A healthy person has two types of immune responses that work together to fight off foreign pathogens– the innate and the adaptive systems. The innate response is the body’s first line of defense. It works quickly, within 0 to 96 hours of initial infection, and in a generalized fashion to stop foreign invaders. Vitamin D is an integral ingredient in creating proteins that aid in the antimicrobial response of the innate immune systems. The vitamin also aids in the regulation of genes that code for pathogen clearing cells, like macrophages and dendritic cells.
The adaptive immune system is the second major line of defense. Unlike the innate immune system, it takes 5-6 days to kick into gear. However, what makes the adaptive immune response so potent is its capability to specifically target the foreign invader and to develop memory cells that can quickly launch an immune response if a re-infection were to occur. Since it is such a powerful response, vitamin D plays a part in regulating the B and T cells that make up the adaptive immune system. It plays an important role in dampening these adaptive immune responses as to not accidently harm our own cells, in what is called “self-tolerance.” In fact, there has also been increasing evidence that shows a link between vitamin D deficiencies and autoimmune diseases, like lupus and inflammatory bowel disease (IBS).

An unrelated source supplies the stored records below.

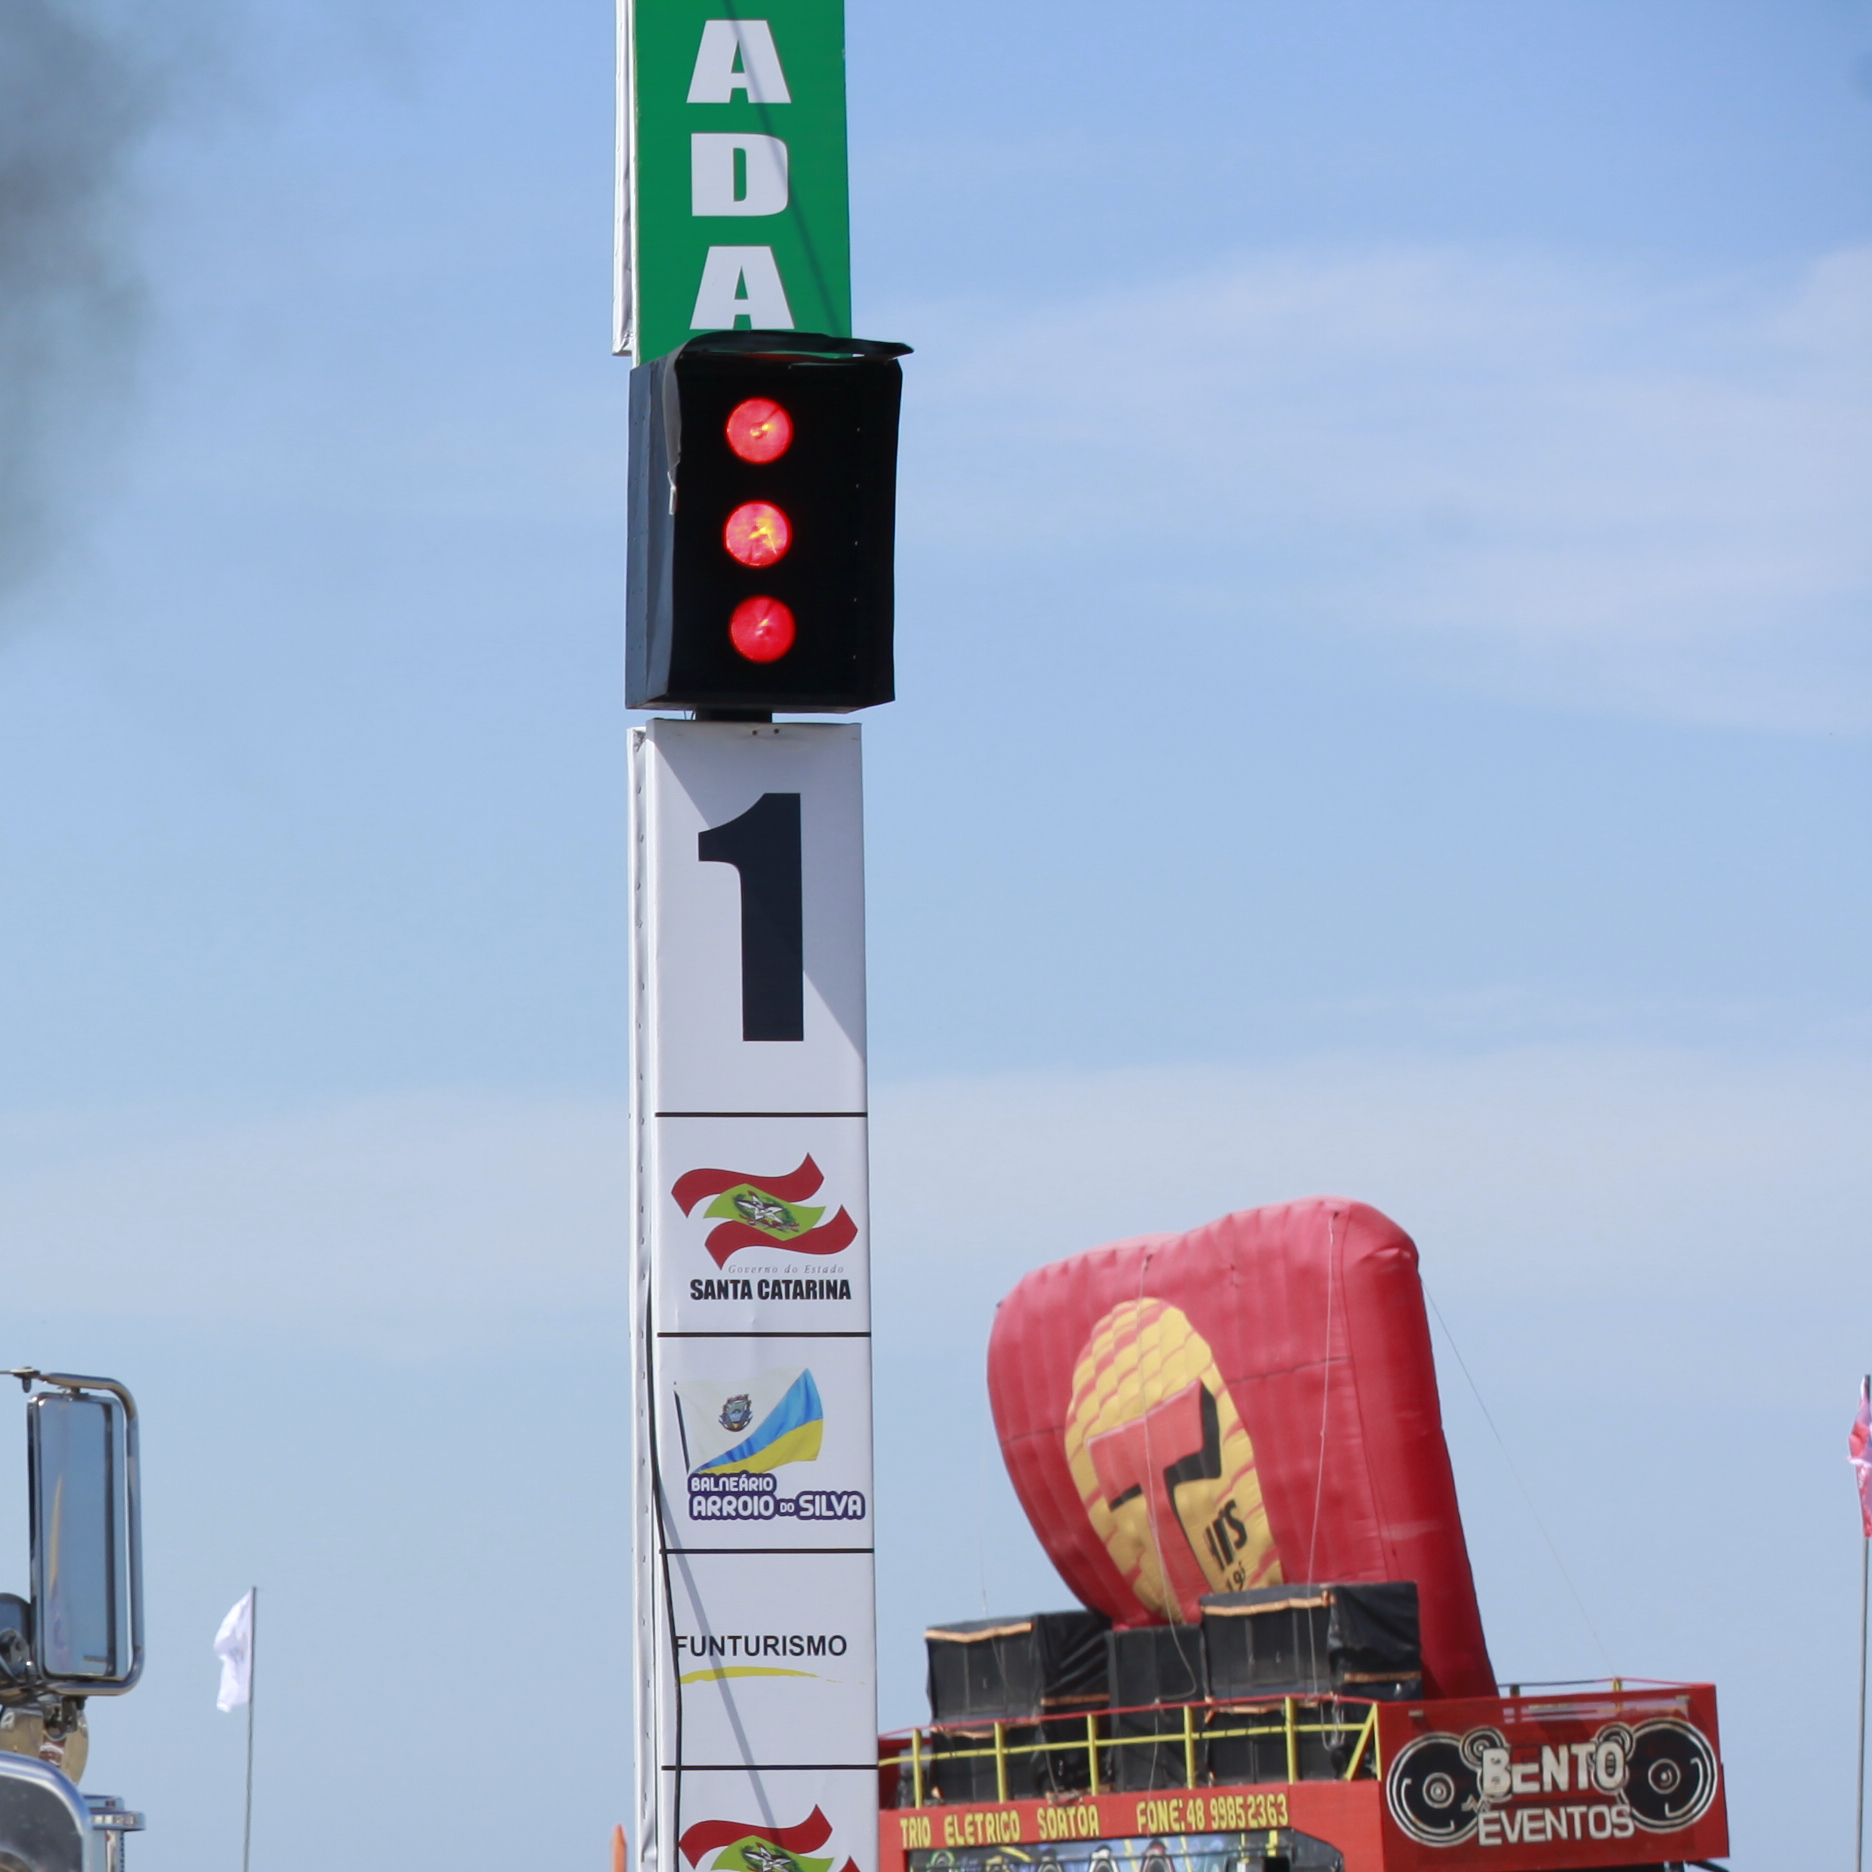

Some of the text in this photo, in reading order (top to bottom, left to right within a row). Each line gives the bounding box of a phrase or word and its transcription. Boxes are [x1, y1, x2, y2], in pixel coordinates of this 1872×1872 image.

[698, 793, 804, 1042] 1
[728, 1264, 844, 1274] Governo do Estado
[690, 1279, 852, 1300] SANTA CATARINA
[690, 1474, 774, 1492] BALNEÁRIO
[692, 1494, 862, 1517] ARROIO DO SILVA
[675, 1634, 847, 1657] FUNTURISMO
[1480, 1741, 1626, 1798] BENTO
[900, 1816, 931, 1849] TRIO
[944, 1809, 1021, 1846] ELETRICO
[1186, 1797, 1206, 1831] 48
[1477, 1805, 1635, 1846] EVENTOS

After understanding the beneficial effects vitamin D has on our health, the golden question becomes: “How can I make sure I get enough vitamin D?” It is difficult to cite a precise amount, as peoples’ health histories and needs vary so greatly. However, unless you are at risk of developing a vitamin D deficiency, 10 - 30 minutes spent in the midday sun is more than sufficient. If you intend on adding vitamin D supplements to your routine, it is important to remember that vitamin D is a fat-soluble vitamin, which means that the body absorbs the vitamin in its tissues and organs. Thus, to avoid toxicity, dosage should be limited to less than 2000 IU a day.